## Source records
+---+
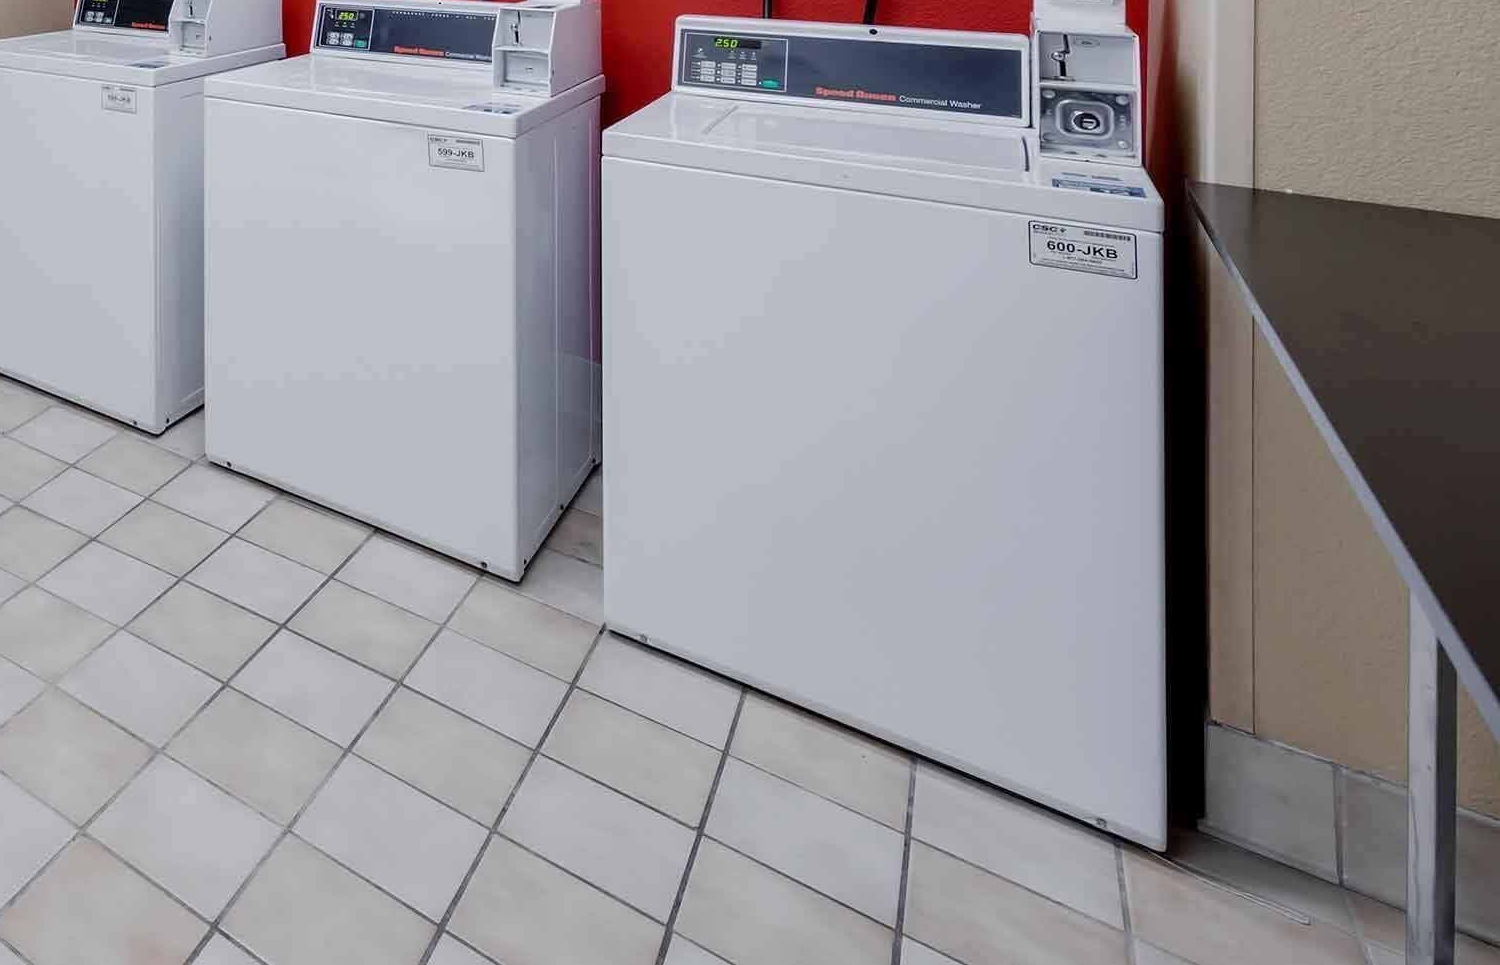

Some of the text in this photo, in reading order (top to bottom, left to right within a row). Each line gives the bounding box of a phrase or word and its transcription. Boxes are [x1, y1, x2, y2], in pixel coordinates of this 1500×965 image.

[715, 38, 739, 49] 250
[815, 86, 981, 110] Speed Queen Commercial Washer
[437, 147, 475, 158] 599-JKB
[1032, 224, 1058, 233] CSC
[1047, 240, 1118, 259] 600-JKB
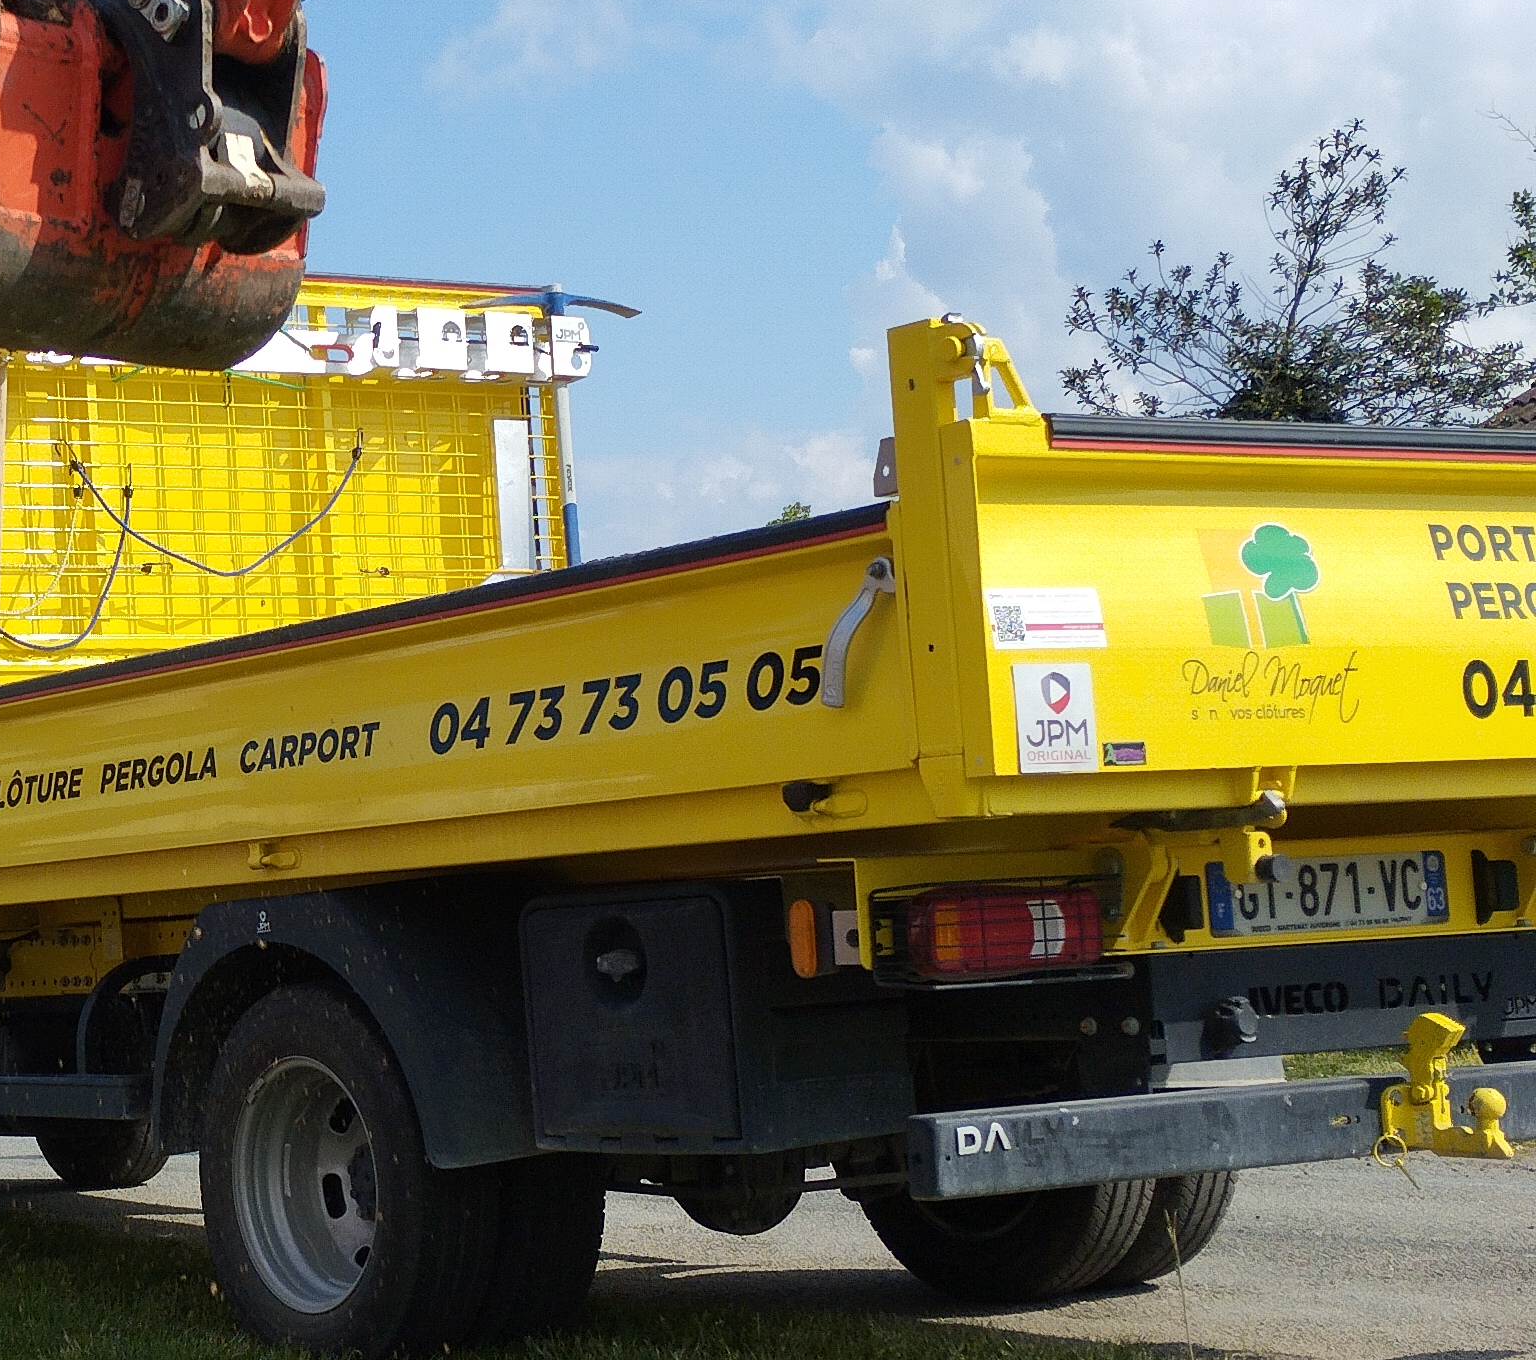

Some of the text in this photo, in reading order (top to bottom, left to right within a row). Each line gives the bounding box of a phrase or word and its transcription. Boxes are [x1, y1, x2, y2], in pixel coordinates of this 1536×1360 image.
+---+
## Problem statement
Write out each entry above once more, exactly as written, and drop the pictures.

## Result of this task
Some of the text in this photo, in reading order (top to bottom, left to right within a row). Each line gives the bounding box of a phrase or word and its transcription. Boxes are [x1, y1, x2, y2], in pixel coordinates of this 1500×965 image.

[715, 38, 739, 49] 250
[815, 86, 981, 110] Speed Queen Commercial Washer
[437, 147, 475, 158] 599-JKB
[1032, 224, 1058, 233] CSC
[1047, 240, 1118, 259] 600-JKB

Some of the text in this photo, in reading order (top to bottom, left to right within a row). Each line gives the bounding box of a phrase or word and its transcription. Boxes are [x1, y1, x2, y2], in pixel coordinates of this 1536×1360 image.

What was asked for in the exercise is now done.